Für die Sanierung von Hotelbetrieben fehlt es oft, wie gesagt, an einer finanziellen Grundlage, obwohl der Wille für die Sanierung vorhanden ist. Es hat unterschiedliche Gründe, weshalb die Gelder nicht da sind. Dies kann beispielsweise zurückzuführen sein auf den Verlust von Liquidität durch Erbteilung - das ist sehr oft der Fall - oder auf ungenügende Einnahmen, eben gerade weil die Infrastruktur nicht auf einem guten Stand ist. Das ist eine Art von Teufelskreis, die sehr schwer zu durchbrechen ist.

Wir haben im Kanton Uri gemeinsam mit dem Bund verschiedene Instrumente entwickelt, beispielsweise das Instrument der Hausanalysen. Wir haben damit sehr gute Erfahrungen gemacht, denn dies gibt eine Grundlage für die Eigentümer, indem sie wissen, wie man sanieren könnte und, vor allem, wie man zeitgemäss sanieren könnte. Das ist eine sehr gute Grundlage für die Investition, auch für den Weg nach vorne und dafür, den notwendigen Mut, diesen Weg auch zu gehen, aufzubringen. Denn es braucht Mut für die Privaten, im [PAGE 56] Berggebiet zu investieren, weil man, wie Sie sicher auch wissen, immer ein grosses Risiko eingeht.

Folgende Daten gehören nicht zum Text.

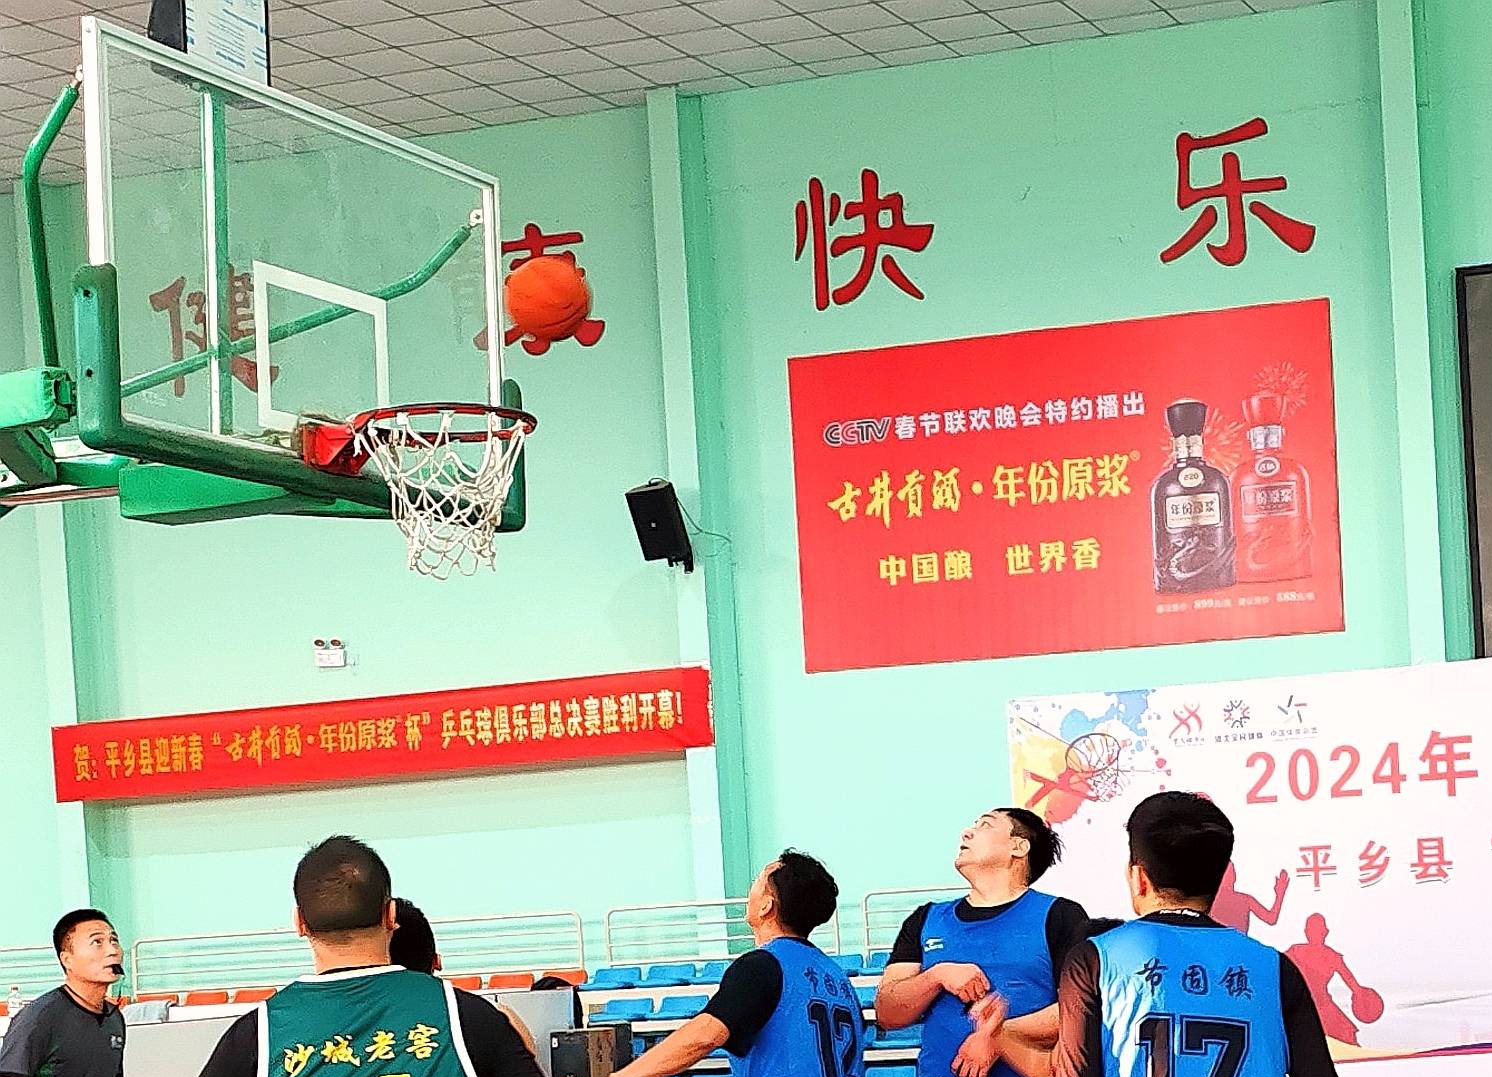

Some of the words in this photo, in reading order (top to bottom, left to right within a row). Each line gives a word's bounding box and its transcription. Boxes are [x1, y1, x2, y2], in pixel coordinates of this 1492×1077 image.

[795, 168, 935, 311] 快
[1160, 117, 1316, 267] 乐
[879, 549, 973, 586] 中国酿
[1004, 537, 1102, 577] 世界香
[1135, 956, 1253, 1001] 节固镇

Leider scheitert es sehr oft an finanziellen Mitteln, weil eben die Tragbarkeit der Hypotheken nicht gegeben ist. Diese Problematik - ich habe es vorhin angetönt - geht aber über die Hotelsanierung hinaus. Es geht auch um die Sanierung und Weiterentwicklung von Dorfkernen und Ortsbildern. Ich habe in meiner Arbeit festgestellt, dass dies ohne finanzielle Mittel der öffentlichen Hand einfach nicht geht oder zumindest sehr, sehr anspruchsvoll ist. Wir haben im Kanton Uri versucht, ein Programm zur Behebung dieser Liquiditätsengpässe zu starten. Es ist rechtlich anspruchsvoll. Aber eine gute Grundlage dazu wäre natürlich, wenn wir die finanzielle Unterstützung des Bundes hätten. Ein gutes Modell, das sich eben anbieten würde, wäre die Mitfinanzierung, wie wir sie bei der Denkmalpflege kennen, eine Anreiz- oder Anschubfinanzierung, um den Mut und die Innovationskraft hier zu stärken.

Wenn jetzt vom Bund dazu Mittel kämen, wäre das wirklich eine willkommene und sehr gute Möglichkeit zur Stärkung der Berggebiete. Es würde der Pflege und dem Erhalt von Hotelliegenschaften, aber eben auch - das ist mir auch ein grosses Anliegen, und das möchte ich deponiert haben, auch wenn es die Motion nicht aufnimmt - der Sanierung von Dorfkernen dienen. Denn das ist im Grunde die Grundlage für den Tourismus: dass sich die Menschen an der Schönheit im Berggebiet erfreuen können. Aber es ist nicht nur das, sondern es ist auch die Grundlage für ein gutes Leben in unseren Bergregionen. Das verhindert die sonst zwangsläufige Schliessung oder den Verkauf, und es verhindert, dass der Abwanderung Vorschub geleistet wird.

Ich unterstütze selbstverständlich auch die breit gefächerte Kommissionsmotion, aber ich bin der Meinung, wir sollten das eine tun und das andere nicht lassen. Ich bitte Sie, die Motion Stöckli zu unterstützen.